No sólo caracteriza a la izquierda abertzale la incapacidad evolutiva. También su autosatisfacción, reiterada, por formar una comunidad diferenciada que se mantiene contra viento y marea. Se ve en sus rituales de congregación de multitudes, que celebra periódicamente. El más importante es el del segundo sábado de enero, por los presos, pero están las concentraciones de rango cultural y festivo, además de las manifestaciones políticas que celebra esporádicamente. Su discurso celebra si gente del PNV se acerca por allí –lo ve como síntoma del inminente triunfo de su pueblo vasco–, pero sobre todo habla de la gran cantidad de gente que ha reunido, de su entusiasmo, de la autenticidad popular que representan. La puesta en escena se repite una y otra vez, sin líderes definidos, abundancia de colectivos especializados, presencia de «agentes sociales y políticos» y sacralización de un concepto propio de derechos («todos los derechos para todos» no incluye los de las víctimas). La parafernalia parece tener como objetivo contarse, saber que la comunidad existe y que mantiene sus señas de identidad, en las que siempre juegan un papel clave los presos de ETA e implícitamente ésta.
Tercera característica, también ancestral y repetida: un imaginario triunfalista. Cualquier gesta propia, incluso una manifestación, desenmascara al Estado y lo deja arrinconado. El Gobierno español queda siempre como un esperpento ante la comunidad internacional, un paria apestado del que huyen todos. No podrán negar ya la existencia de un conflicto, suelen concluir. El pueblo está dando la espalda a quienes no atienden al sentir mayoritario. Una vez más se ha expresado la mayoría política y social del pueblo vasco.

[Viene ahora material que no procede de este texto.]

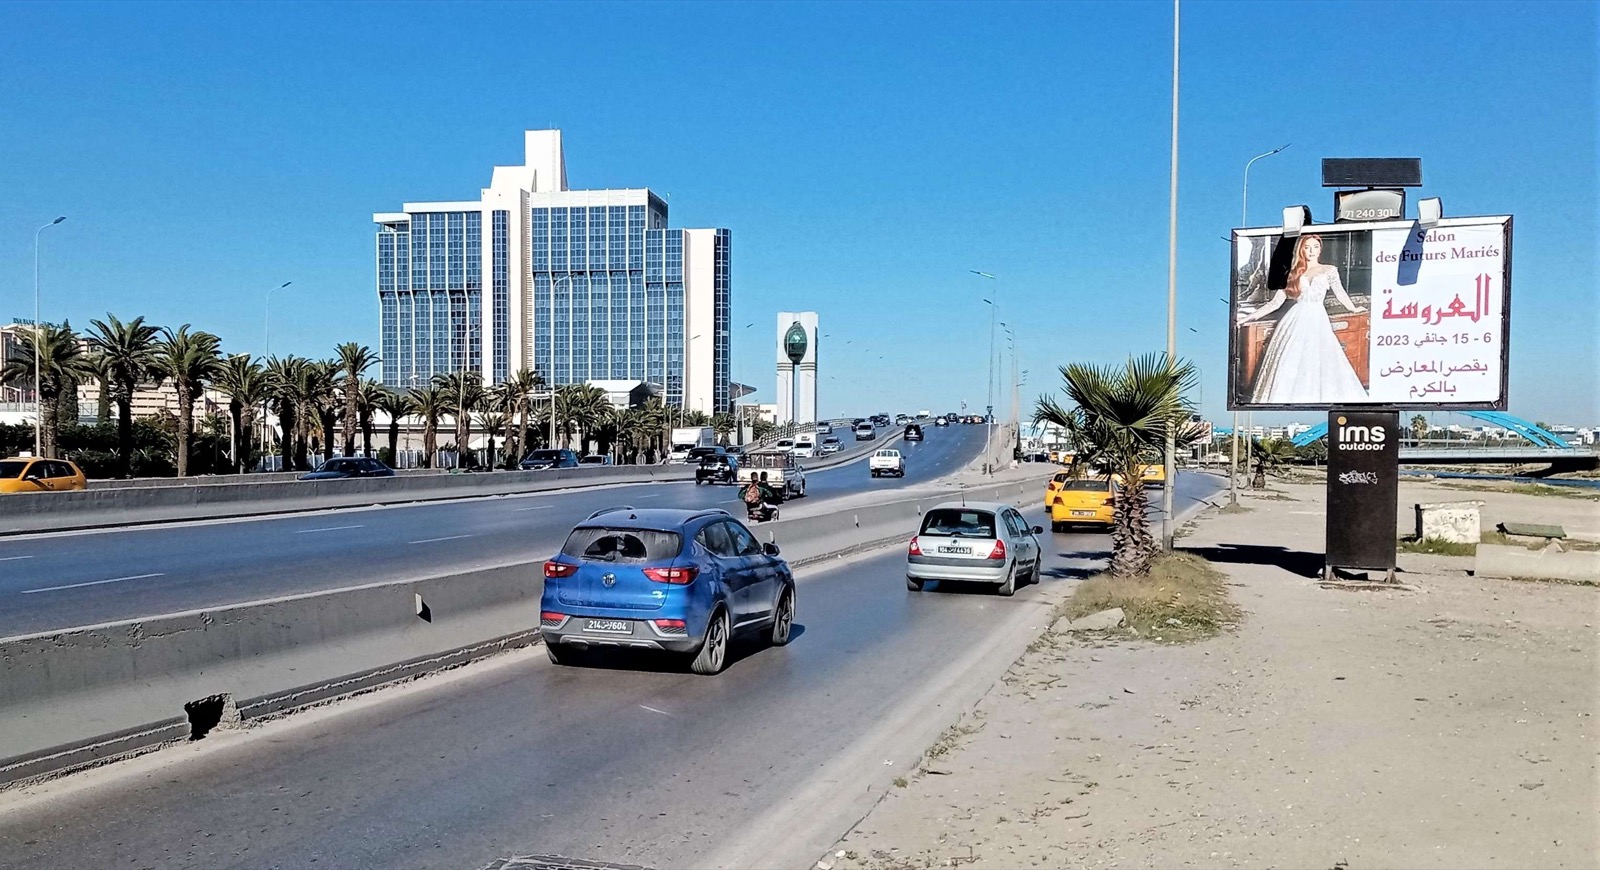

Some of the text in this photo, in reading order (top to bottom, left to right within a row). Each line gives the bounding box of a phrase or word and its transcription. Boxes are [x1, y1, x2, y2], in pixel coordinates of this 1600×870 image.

Un misterio de la política vasca lo constituye la reiteración de las mismas evaluaciones y la apariencia de que sus seguidores las asumen como certezas incuestionables, pese a que los tales ‘avances’ sólo existen en el terreno de las fabulaciones. Deben de funcionar, pues de lo contrario tales latiguillos no se repetirían año tras año. Sólo tiene una explicación: la comunidad radical necesita sentirse en movimiento, creerse en el camino del triunfo definitivo. La repetición de un lema acaba convirtiéndolo en artículo de fe. Sobre todo si llega adobado de un victimismo según el cual la culpa de todos los males es de los otros y son los demás los que tienen que realizar cambios para concederles la paz.
La paradoja: el inmovilismo perpetuo se siente así capacitado para exigir a la democracia una regresión para adaptarse a la exigencia de una minoría, que de lo contrario no nos dejará en paz. Al menos, desde el punto de vista ritual.